Committees Commit, Designers Design

It takes just three words to make most designers cringe: design by committee. The very predictability of that visceral response begs a couple of questions: How do committees so often end up taking over design projects? And is it possible to help them overcome their perverse desire to seize control of the bus and swerve it into the ditch?

Take a look at the prototypical design-by-committee committee. Surprise, its members are not idiots, nor evildoers, not even distracted administrators, but well-intentioned, competent people who are legitimately trying to help. They are commonly known as “stakeholders,” the people who have a strong interest in a positive outcome—people who do not, one would think, have a whole lot of incentive to try to wreck everything. So what goes wrong? Usually, the scenario has its genesis in an admirable desire to follow a democratic process that allows everyone to have input. The realm of urban planning and design offers many lessons in this area because it, perhaps more than any other design discipline, constantly struggles with the imperative to serve a broad diversity of human wants and needs while sustaining a coherent spatial and aesthetic environment.

Unfortunately, these two objectives often seem to find themselves in opposition. That is, the two most common design failures in the world of architecture and urban design are: 1) draconian schemes imposed on a community with insufficient regard to the wants and needs of its people, or 2) design-by-committee projects that end up as little more than incoherent expressions of the diversity of stakeholder opinions. One fails because of inadequate attention to the users, and the other fails because of inadequate attention to form, structure and aesthetics. Nobody likes either outcome.

The goal is not that any constituency wins, but that design itself wins.

What most people do like is something that both addresses diverse user needs and is designed by a good designer. To approach that ideal it may be helpful to re-frame the endeavor so it is no longer about who has decision-making authority, but rather about crafting a design-positive process and giving the process itself authority. The goal is not that any constituency wins, but that design itself wins. A victory for design is a victory for everyone.

Articulate first, then design

Practically speaking, a successful collaborative design process has two phases: articulation, in which the needs and wants of all the stakeholders are teased out and common goals agreed upon; and design, in which the designer responds creatively to those goals. This will sound familiar to anyone who has engaged in a long-range planning exercise or participated in a community-driven urban design charrette. First, articulate what you collectively want—then, design a system to make it happen.

It's critical at the outset to describe these two distinct, inalterably sequential phases. Problems may still arise. Sometimes a stakeholder looks on a later design review as an opportunity to revisit some pet issue, even though it had already been worked out. Or someone may purposefully stand outside the process and plan to swoop in later so they don't have to endure all that annoying democratic discussion. But if the collaborative articulation process carries sufficient authority, such attempts to trump the game will be ineffectual and those stakeholders will learn to participate more constructively. A fringe benefit is that the participants across the board tend to feel a much stronger sense of ownership.

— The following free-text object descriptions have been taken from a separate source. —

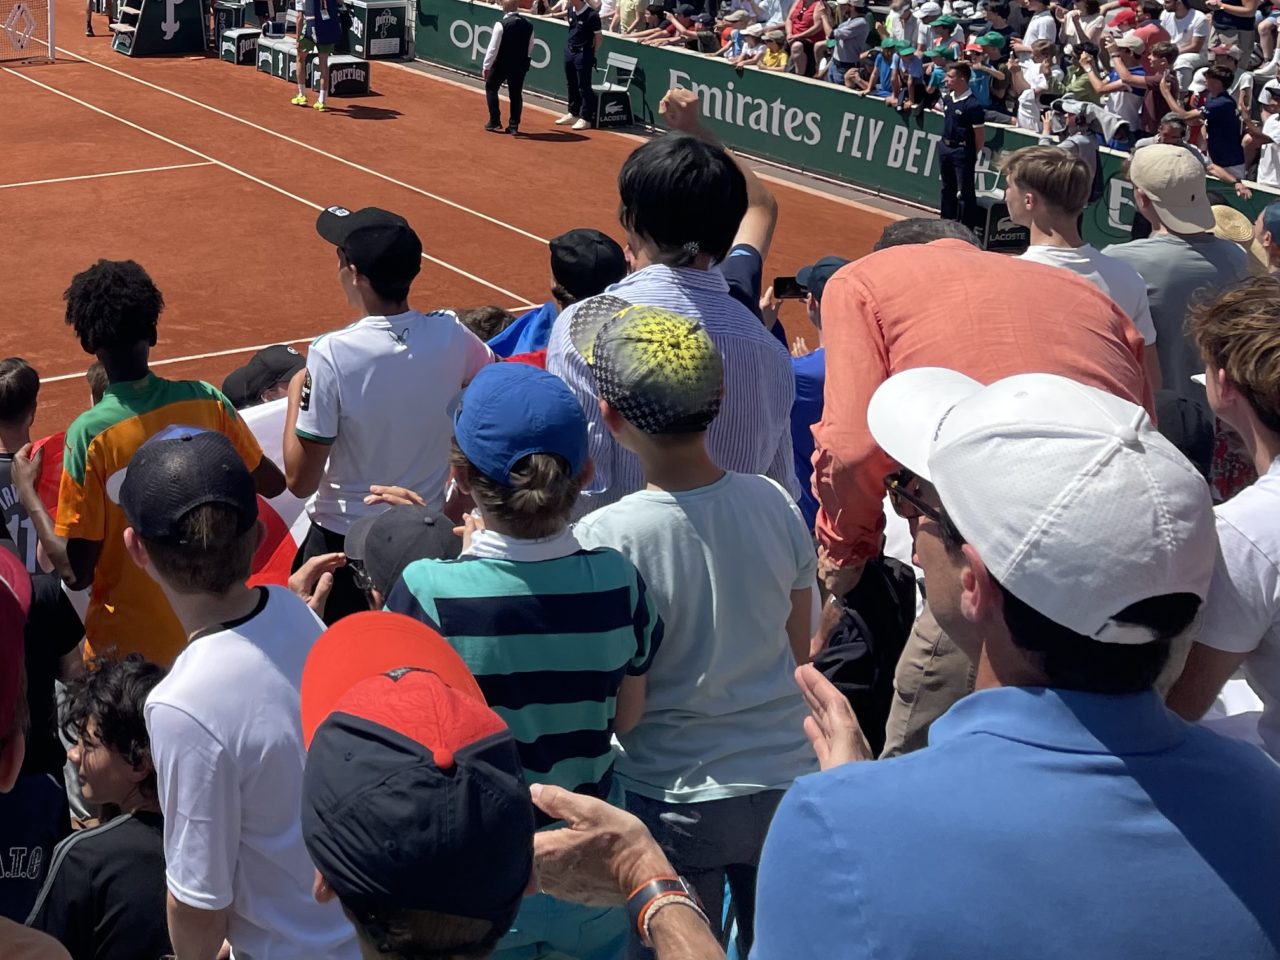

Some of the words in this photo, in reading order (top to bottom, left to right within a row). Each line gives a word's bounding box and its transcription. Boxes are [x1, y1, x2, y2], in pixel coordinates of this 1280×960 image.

[449, 19, 552, 69] opo
[331, 64, 366, 94] perrier
[836, 111, 884, 161] FLY
[989, 232, 1027, 242] LACOSTE
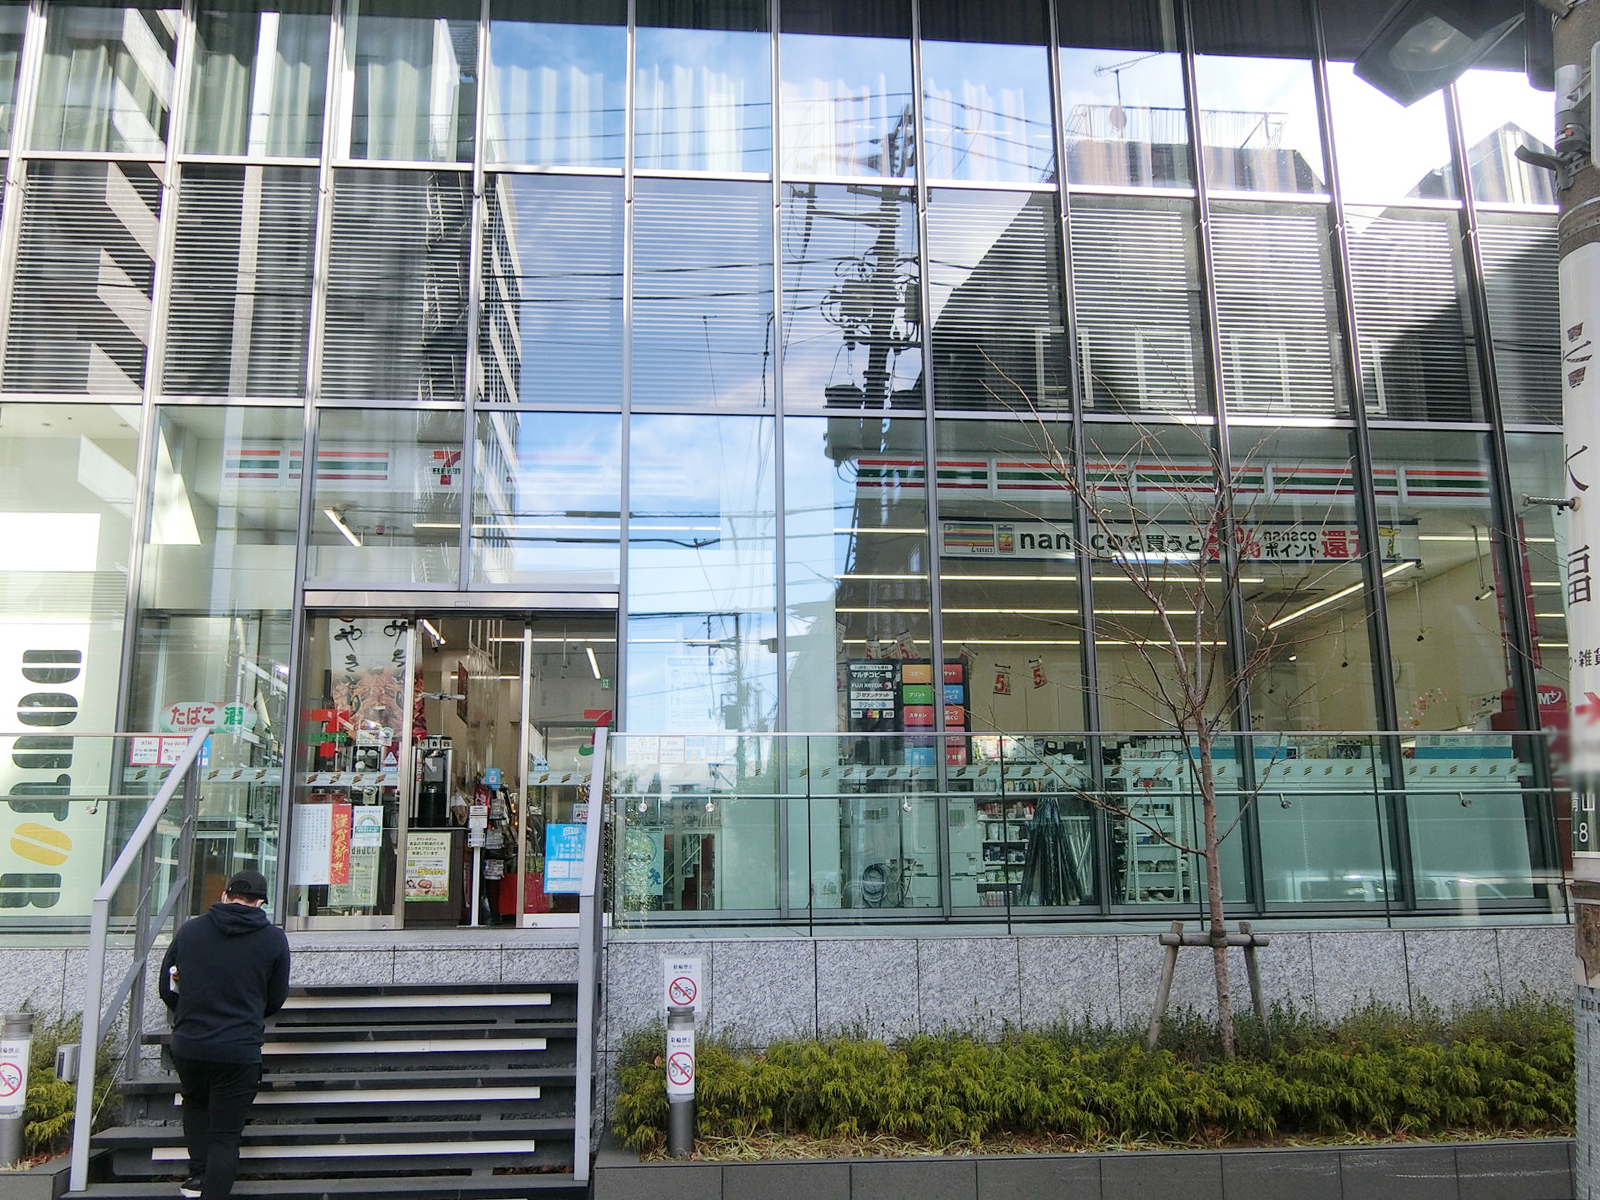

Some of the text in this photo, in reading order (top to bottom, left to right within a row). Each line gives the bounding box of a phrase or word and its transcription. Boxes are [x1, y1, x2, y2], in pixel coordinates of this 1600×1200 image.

[171, 706, 244, 725] たばこ 酒

Thus the much-maligned “committee” can be a great asset if its collective intelligence is channeled into clear articulation of goals. Sometimes that process brings disagreements to the surface, which can be uncomfortable—but less uncomfortable than having people air their complaints after it's too late to do anything. And sometimes the quest for consensus falls short and you have to settle for mere understanding.

But if key articulation decisions are not made or are left vague, or if stakeholders feel free to re-open matters of articulation after the design is well underway, you can probably look forward to many, many iterations trying to get to a successful outcome, if you get there at all.

Allow for a range of opinion

So why encourage all these characters to participate? To many people, design shouldn't involve such diverse input in the first place. Just let the designer work directly with the principal decision-maker and go to it, right? Fair enough, but in a mission-driven organization, the needs and desires of diverse constituencies are direct circuits to important currents of the institutional mission. For instance, in the art museum that employs me, the audiences are numerous and overlapping, and the people with a stake in any given project could include educators, students, visitors, artists, curators, donors, marketers, designers, trustees, project advisers, the museum director and an anonymous person in Spain who owns a work of art in the current exhibition. Any of these people may have legitimate things to say in forming, say, a suite of design pieces developed around a special exhibition.

It's enticingly simple to just hire an agency and handle all the decisions on a clear-cut customer/client basis, but foregoing the opportunity for richer connection and relevance to the institutional mission is kind of like ordering a burger and fries from the drive-thru when you could be at home cooking up a real meal using fresh local ingredients.

That's why it can make sense to look at designing in a complex mission-driven organization as akin to designing a public space: You want to wind up with an enduring, attractive design that works for a diversity of potential users. To get to that end, designers should never exclude that range of opinion—but neither should they abdicate the designer's responsibility to do the actual designing.